(Migraine Music by lovechild is intended to be listened to as a whole rather than on a track-by-track basis.)
Taking all of my money, taking all of my time (gimme gimme gimme). Taking all of my life, but that’s alright.
One day I’ll have enough saved to afford my very own grave. These thoughts that I have are keeping me awake but they’re the only ones that I appear to make. I’m a slave to my environment, to all the people I hate. Swimming around in circles in thousand foot puddles; these swells hold me back and I’m drowning in laps. Wait, who are you? A member of a working class society. But wait, who am I? And will I be judged on how I survive?
Take all your time spent, put it into retirement, figure it out, but is it really worth it?

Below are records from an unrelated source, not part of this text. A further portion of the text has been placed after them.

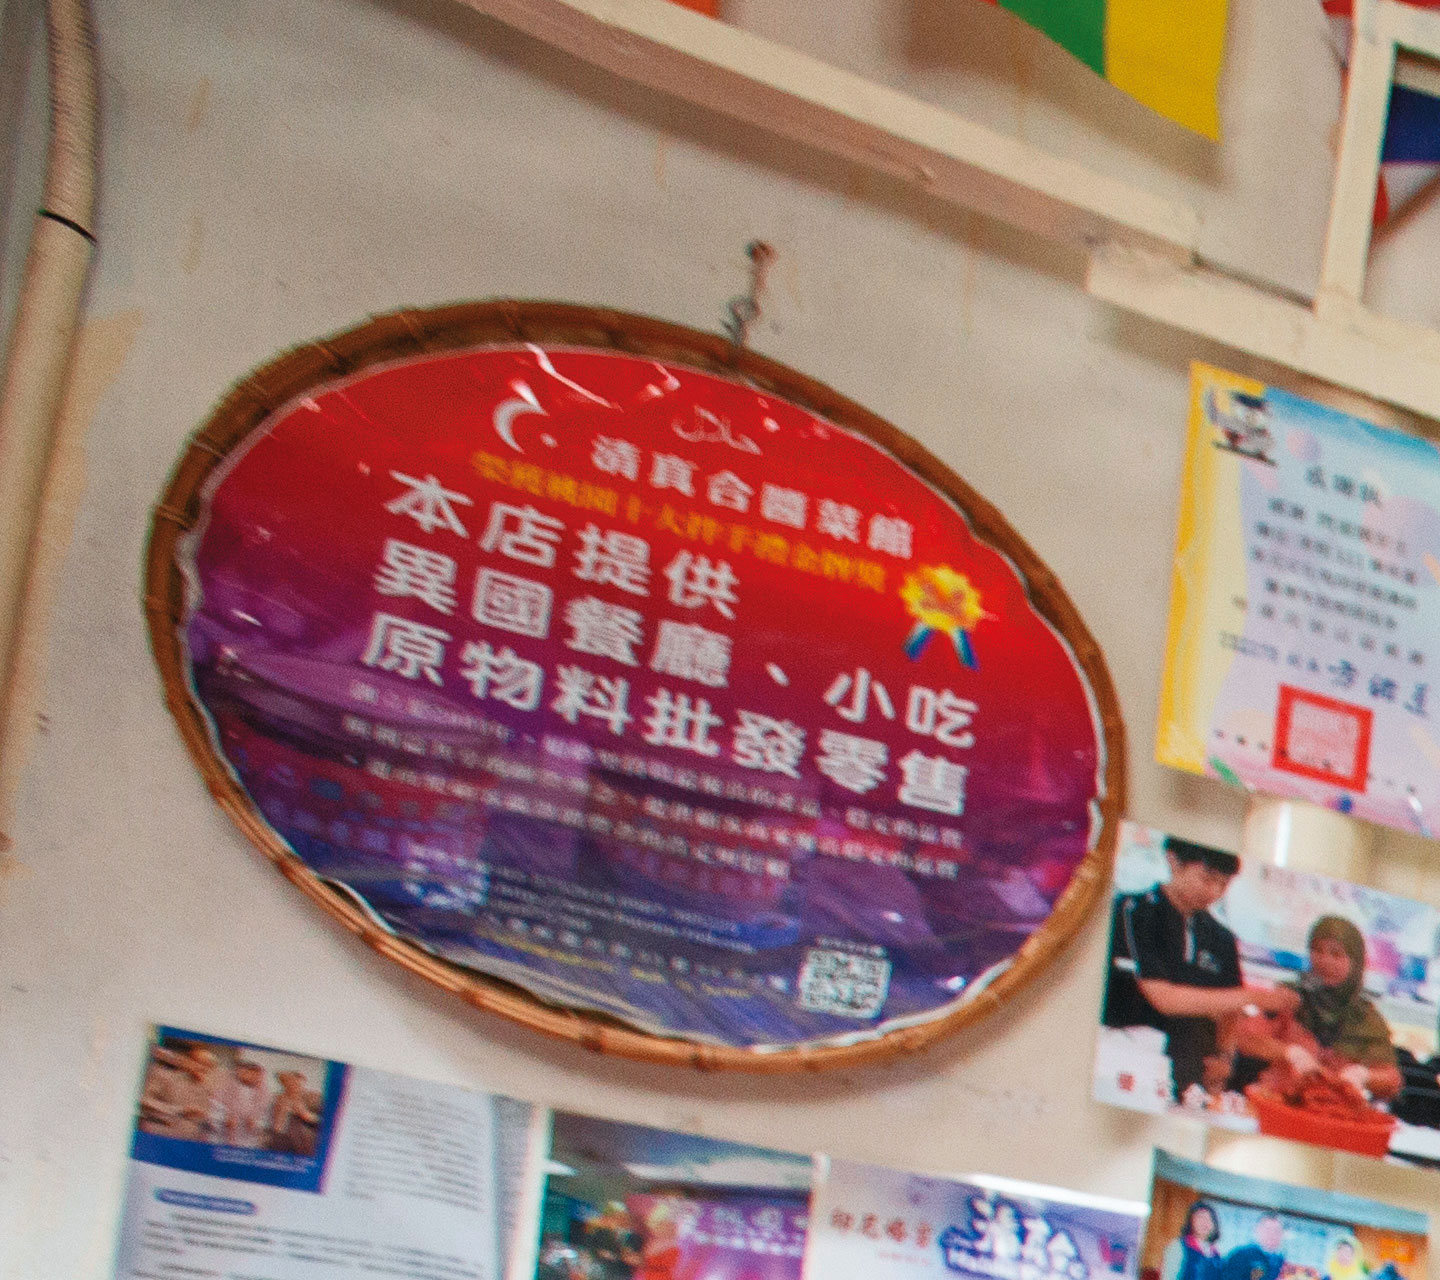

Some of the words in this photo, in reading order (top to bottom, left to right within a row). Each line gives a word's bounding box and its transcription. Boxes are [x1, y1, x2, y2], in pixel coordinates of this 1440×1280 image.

[373, 538, 979, 749] 異國餐廳、小吃
[383, 468, 740, 620] 本店提供
[360, 610, 970, 816] 原物料批發零售
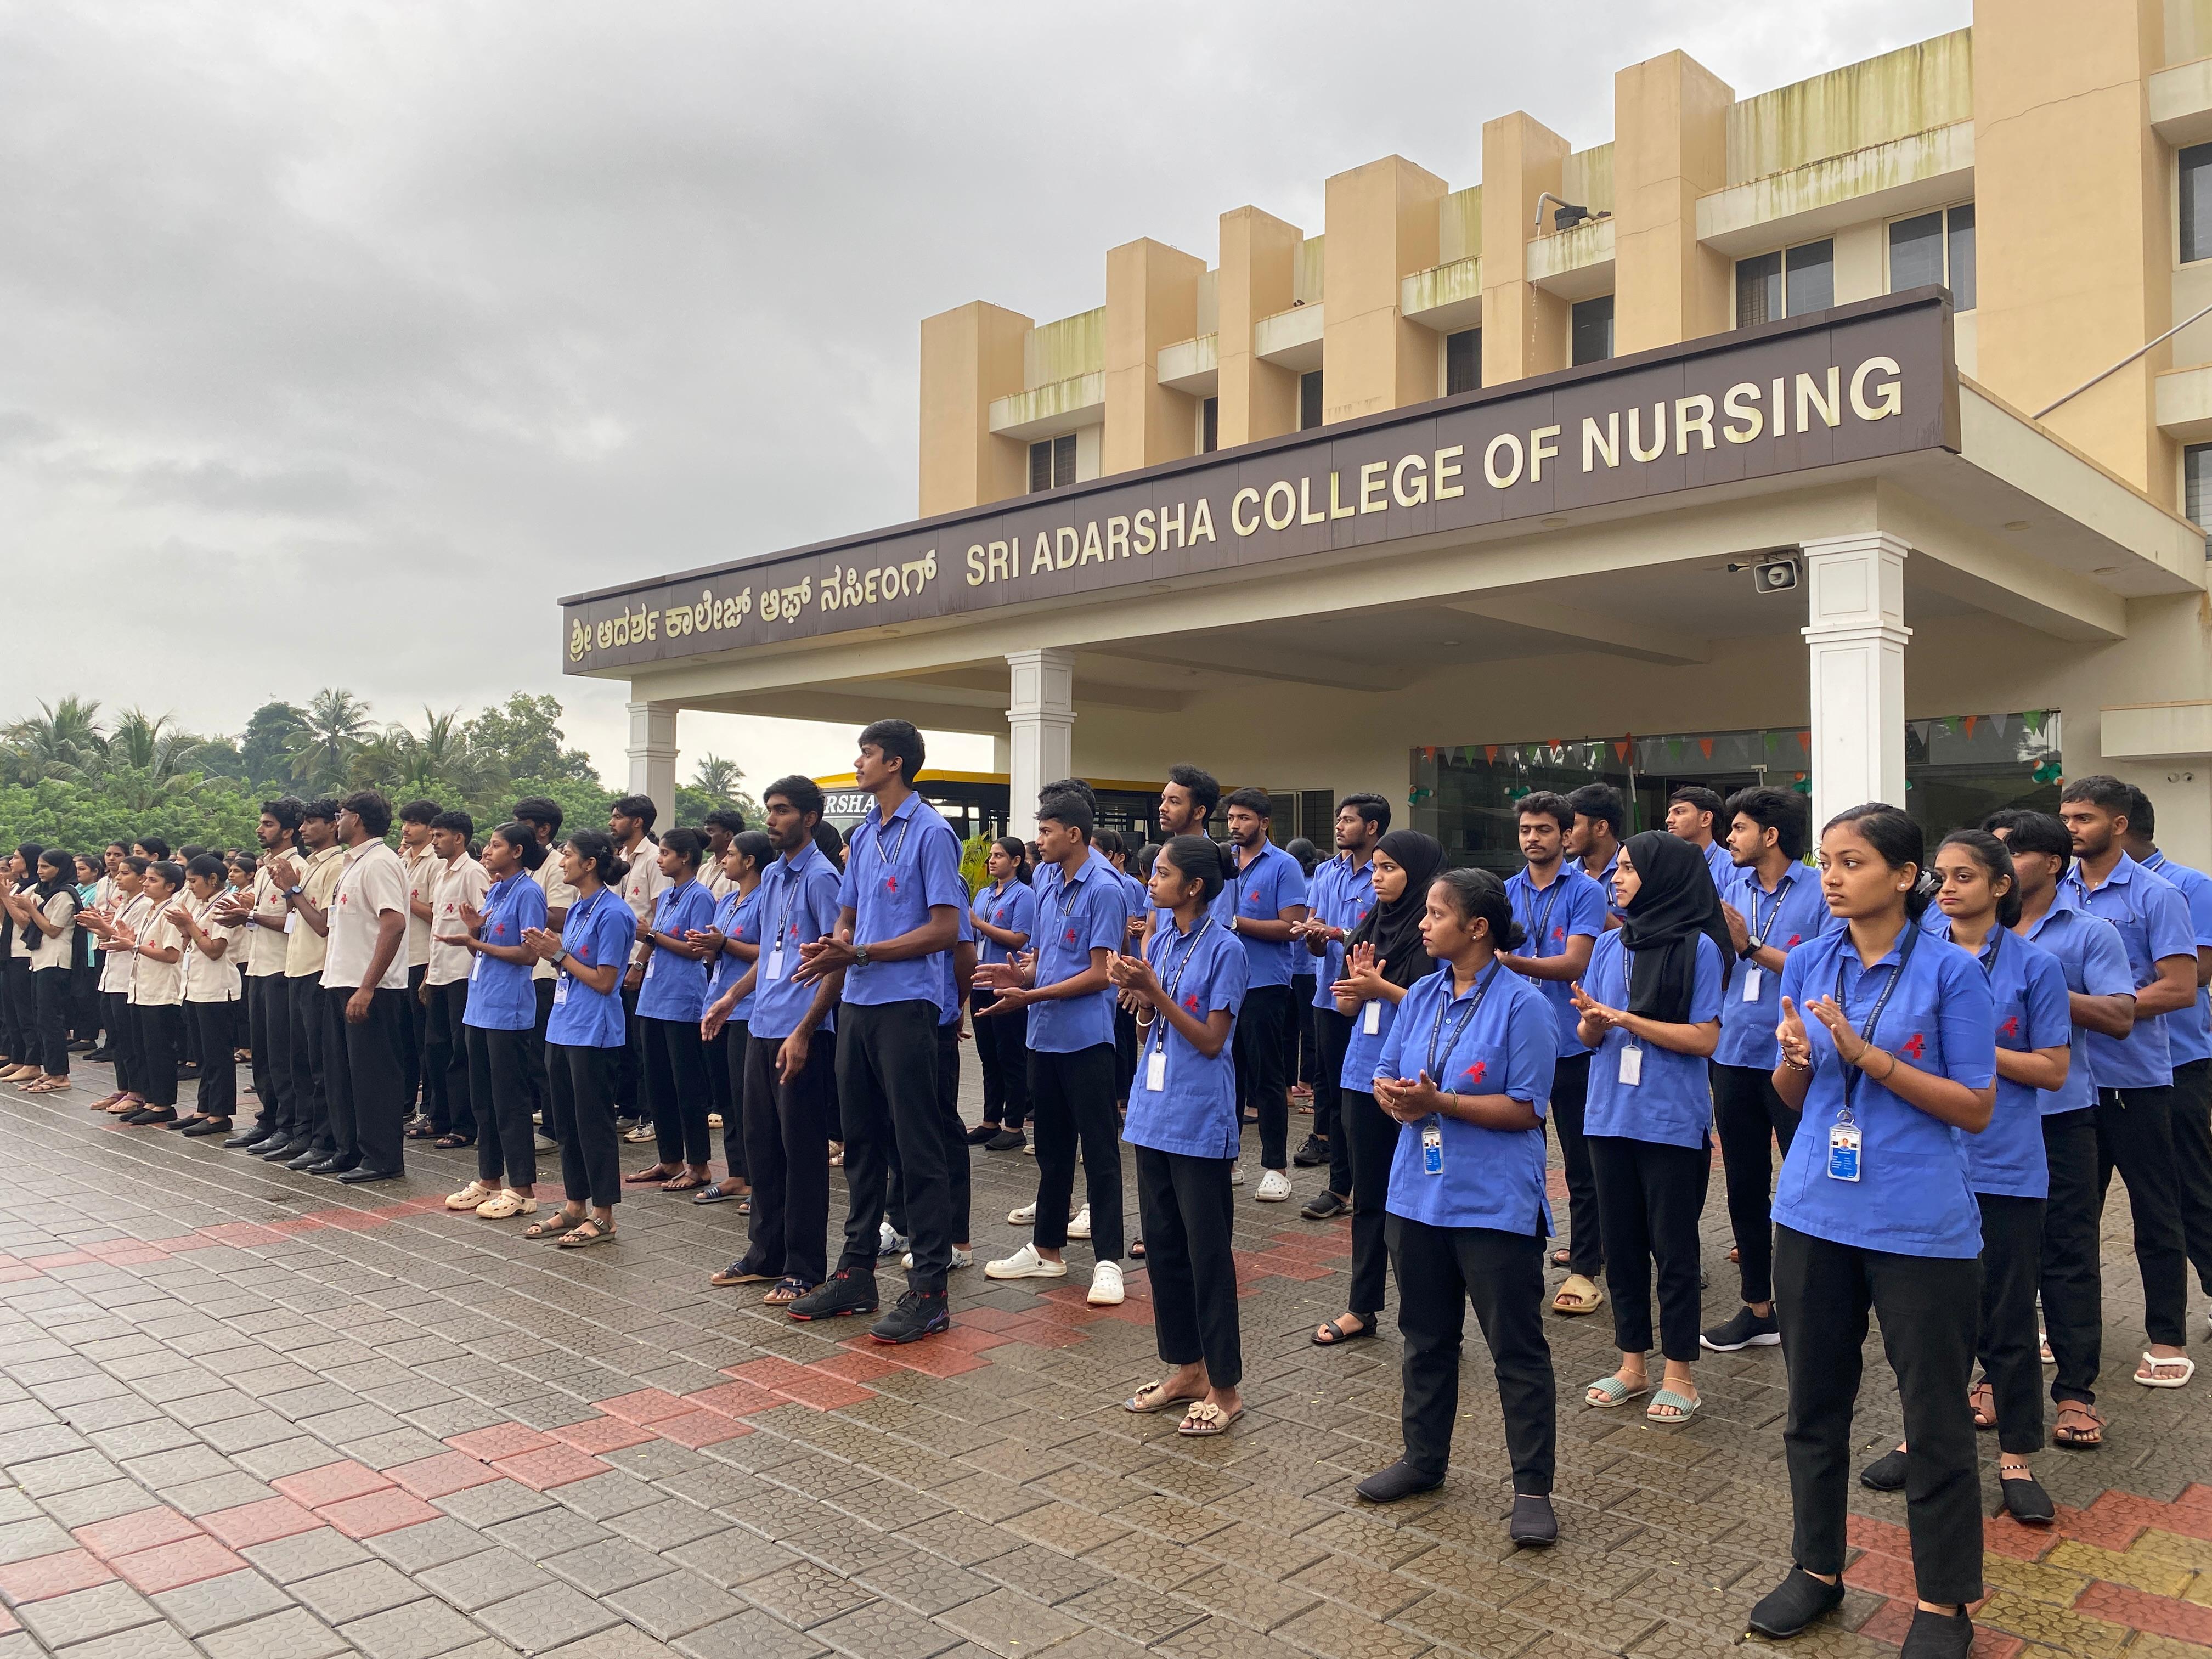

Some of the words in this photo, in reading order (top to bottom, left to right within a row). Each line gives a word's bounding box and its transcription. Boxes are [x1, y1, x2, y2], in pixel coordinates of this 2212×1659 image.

[966, 537, 1019, 586] SRI
[1030, 499, 1217, 575] ADARSHA
[1231, 445, 1465, 537] COLLEGE
[1483, 424, 1561, 489] OF
[1582, 356, 1902, 473] NURSING
[569, 618, 592, 662] ಶ್ರೀ
[597, 603, 660, 650] ಆದರ್ಶ
[665, 586, 752, 638] ಕಾಲೇಜ್
[760, 575, 812, 624] ಆಫ್
[820, 549, 937, 613] ನರ್ಸಿಂಗ್
[823, 794, 876, 814] RSHA

These are the words that infest my head, makes me never want to get out of bed. It fills my head. All the things you said make me never want to get out of bed. It fills my head.
I can feel it in my veins, thins out my blood but clots my brain. Oh, it’s not a mistake; I can feel it in my veins, thinning out my blood and clotting my brain. Every time I’m letting go, every time I’m giving into my pain, I try to flush it all away. No, it’s not a mistake.
Brush your teeth and you can still feel the taste. Comb your hair so you can cover your face. Standing in line just feels so out of place when you’re bored.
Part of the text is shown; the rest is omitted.